[Items listed in a dataset]

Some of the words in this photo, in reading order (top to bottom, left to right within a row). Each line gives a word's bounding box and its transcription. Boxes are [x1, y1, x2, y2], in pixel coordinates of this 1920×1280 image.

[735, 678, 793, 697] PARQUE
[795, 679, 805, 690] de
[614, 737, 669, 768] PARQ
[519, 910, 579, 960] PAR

# Task directions
Go through the records above and set each one down exactly, please.

# The completed task
Some of the words in this photo, in reading order (top to bottom, left to right within a row). Each line gives a word's bounding box and its transcription. Boxes are [x1, y1, x2, y2], in pixel coordinates of this 1920×1280 image.

[735, 678, 793, 697] PARQUE
[795, 679, 805, 690] de
[614, 737, 669, 768] PARQ
[519, 910, 579, 960] PAR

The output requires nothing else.